> EXERCISE REQUIREMENTS
Please print exactly the lines running from the one that contains "this 1288×966 image." to the end of the data, with both lines included.

> Dataset excerpts
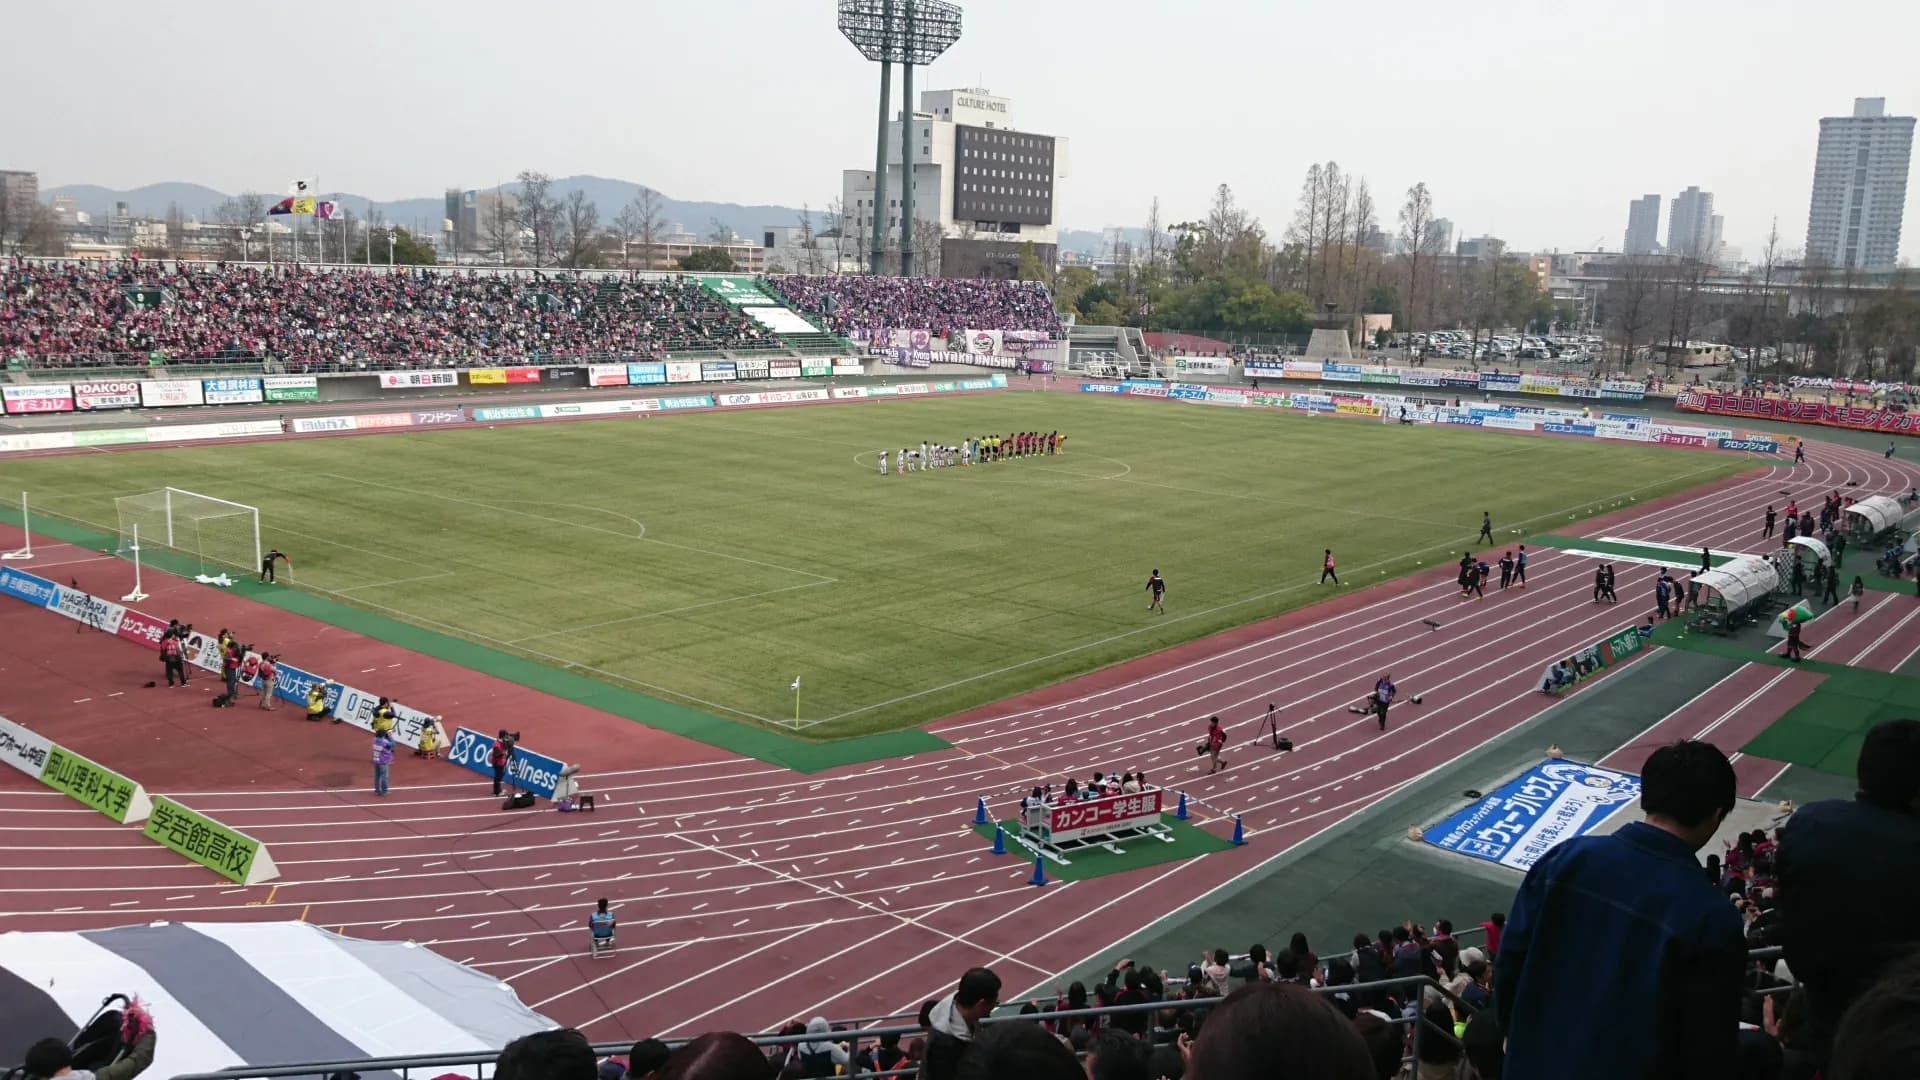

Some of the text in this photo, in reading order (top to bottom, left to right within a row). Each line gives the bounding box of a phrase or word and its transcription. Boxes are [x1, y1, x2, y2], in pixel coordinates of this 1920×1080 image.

[957, 97, 1006, 112] CULTURE HOTEL
[409, 373, 454, 385] 朝日新聞
[1085, 384, 1120, 393] JR西日本
[1676, 391, 1707, 409] 岡山
[1723, 439, 1772, 452] グロップジョイ
[121, 617, 165, 643] カンコー学生
[274, 669, 338, 709] 岡山大学院
[356, 699, 425, 741] 岡大学
[43, 751, 132, 813] 岡山理科大学
[1056, 797, 1156, 829] カンコー学生服
[1474, 776, 1566, 845] ウエーブハウス
[151, 804, 253, 876] 学芸館高校
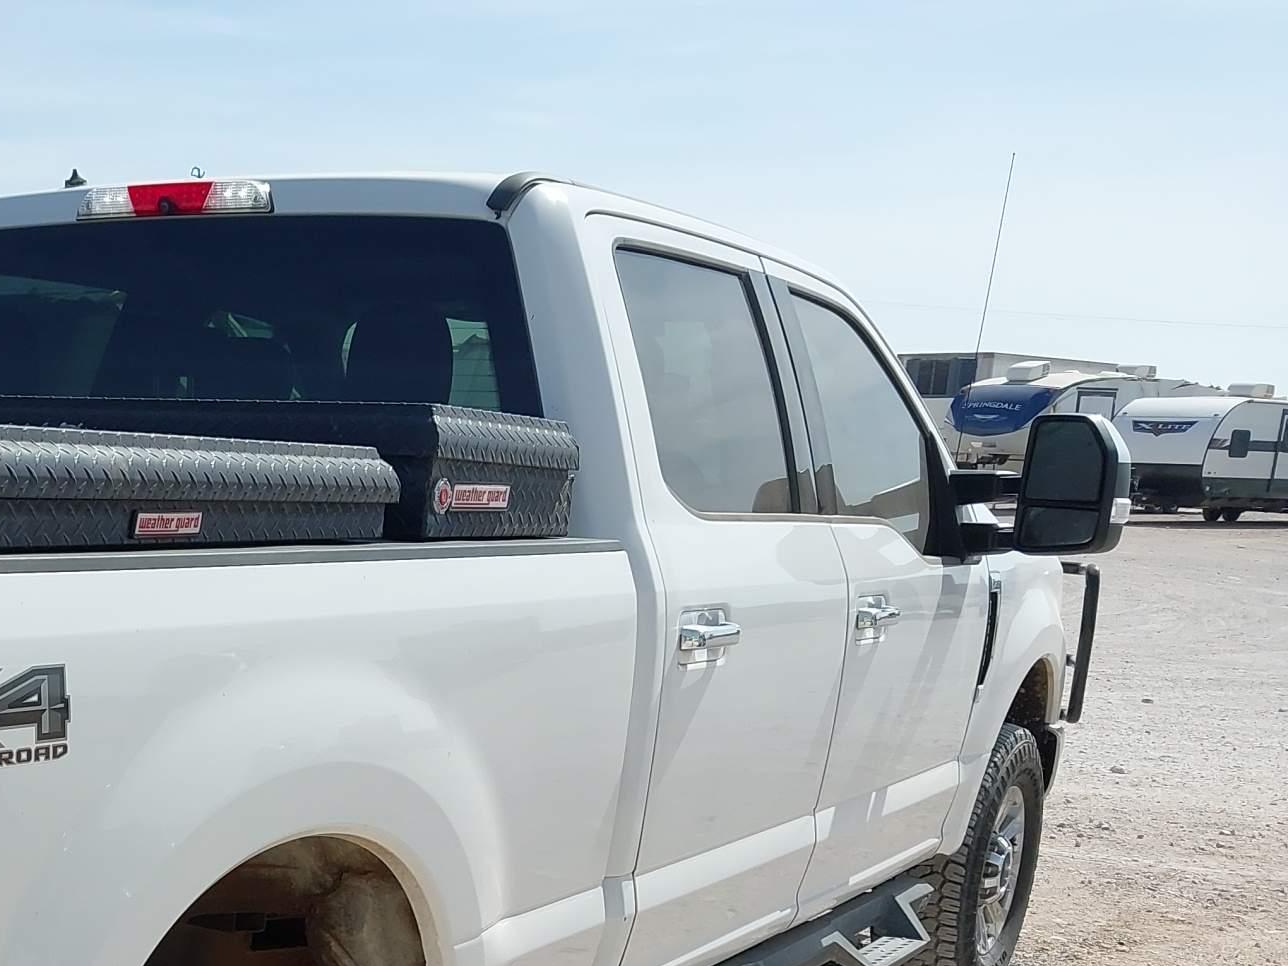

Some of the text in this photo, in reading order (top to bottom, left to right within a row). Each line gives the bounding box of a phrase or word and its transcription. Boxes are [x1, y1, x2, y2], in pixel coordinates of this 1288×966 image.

[455, 487, 508, 502] weather guard
[139, 514, 200, 529] weather guard

> REPLY
Some of the text in this photo, in reading order (top to bottom, left to right within a row). Each line gives the bounding box of a phrase or word and its transcription. Boxes are [x1, y1, x2, y2], in pixel coordinates of this 1288×966 image.

[455, 487, 508, 502] weather guard
[139, 514, 200, 529] weather guard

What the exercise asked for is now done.